··· Input records

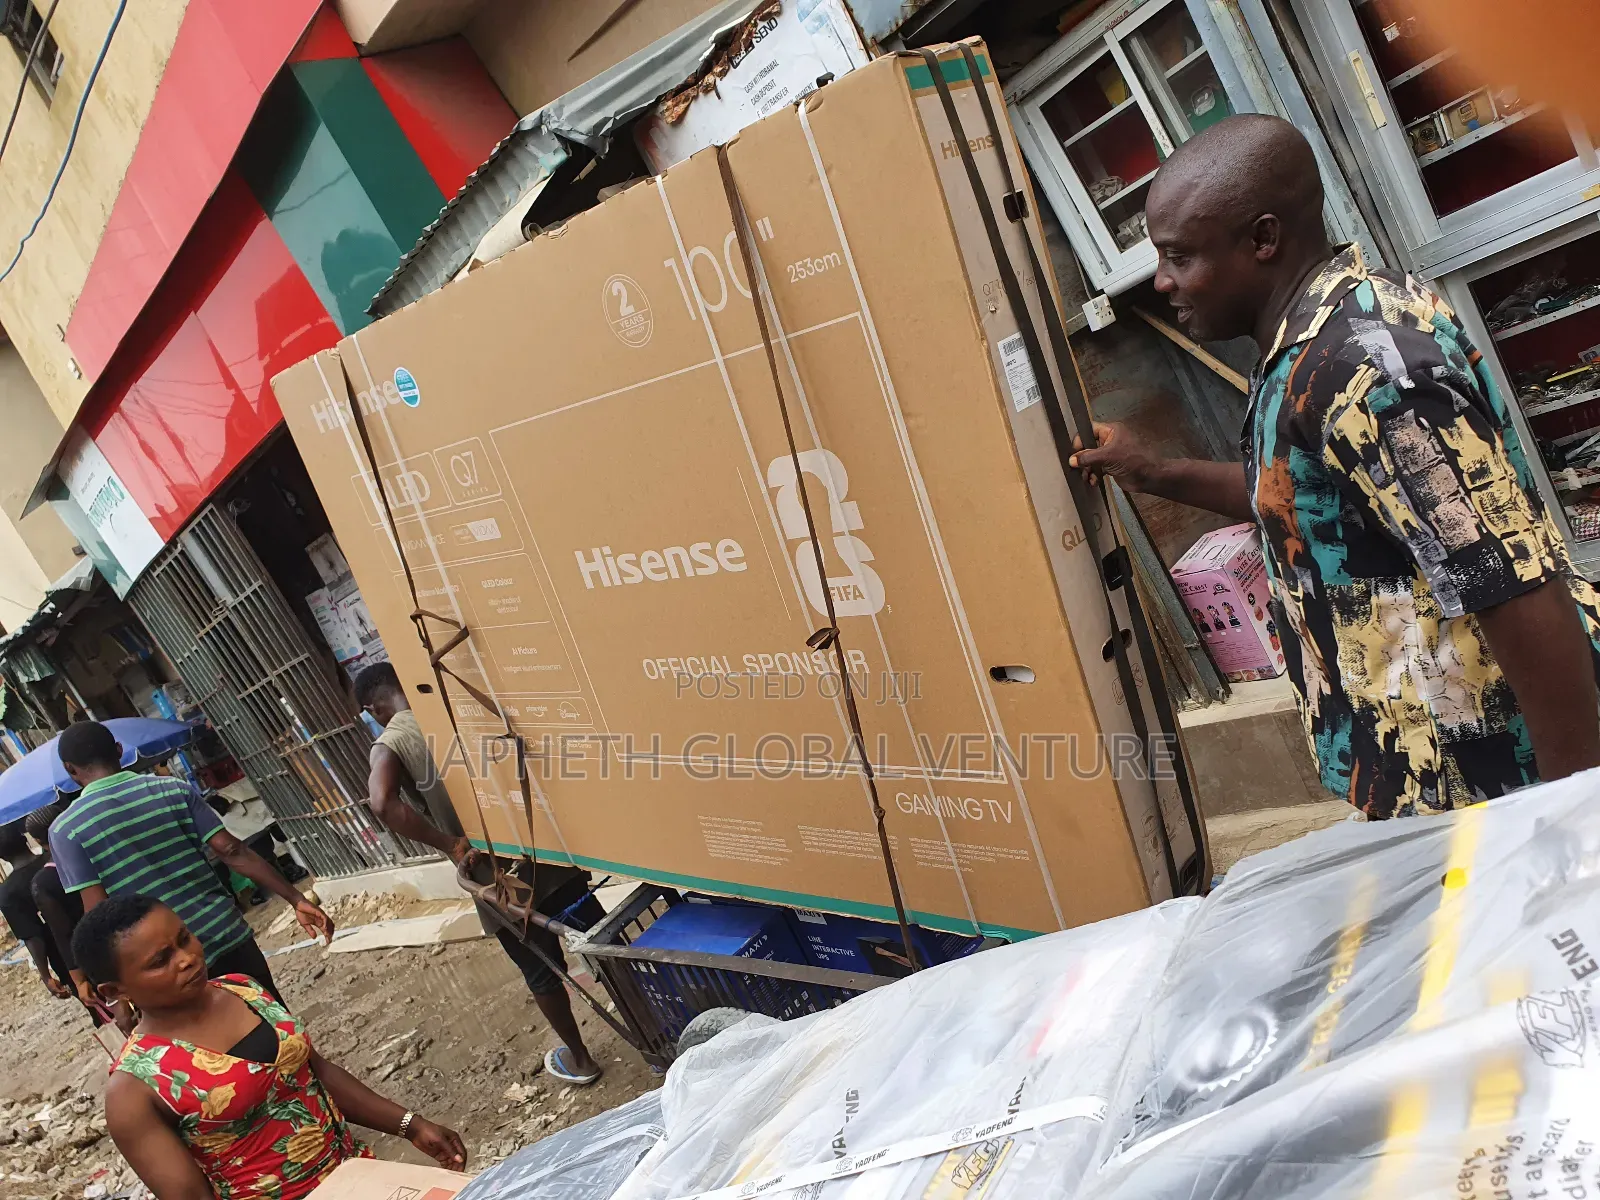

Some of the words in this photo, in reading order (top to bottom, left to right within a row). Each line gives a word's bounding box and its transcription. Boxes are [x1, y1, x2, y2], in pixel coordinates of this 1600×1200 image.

[753, 16, 779, 44] SEND
[760, 78, 777, 98] DEPOSIT
[786, 250, 842, 284] 253cm
[611, 281, 635, 317] 2
[618, 313, 645, 330] YEARS
[450, 450, 480, 488] Q7
[573, 537, 748, 590] Hisense
[827, 583, 866, 603] FIFA
[642, 653, 732, 681] OFFICIAL
[742, 649, 870, 679] SPONSOR
[455, 704, 486, 718] NETFLIX
[895, 791, 984, 821] GAMING
[983, 798, 1012, 824] TV
[807, 934, 824, 945] LINE
[811, 942, 857, 957] INTERACTIVE
[815, 952, 830, 962] UPS

······

What is needed: Your answer must be an exact copy of the records above, with no pictures included.

Answer to the problem:
Some of the words in this photo, in reading order (top to bottom, left to right within a row). Each line gives a word's bounding box and its transcription. Boxes are [x1, y1, x2, y2], in pixel coordinates of this 1600×1200 image.

[753, 16, 779, 44] SEND
[760, 78, 777, 98] DEPOSIT
[786, 250, 842, 284] 253cm
[611, 281, 635, 317] 2
[618, 313, 645, 330] YEARS
[450, 450, 480, 488] Q7
[573, 537, 748, 590] Hisense
[827, 583, 866, 603] FIFA
[642, 653, 732, 681] OFFICIAL
[742, 649, 870, 679] SPONSOR
[455, 704, 486, 718] NETFLIX
[895, 791, 984, 821] GAMING
[983, 798, 1012, 824] TV
[807, 934, 824, 945] LINE
[811, 942, 857, 957] INTERACTIVE
[815, 952, 830, 962] UPS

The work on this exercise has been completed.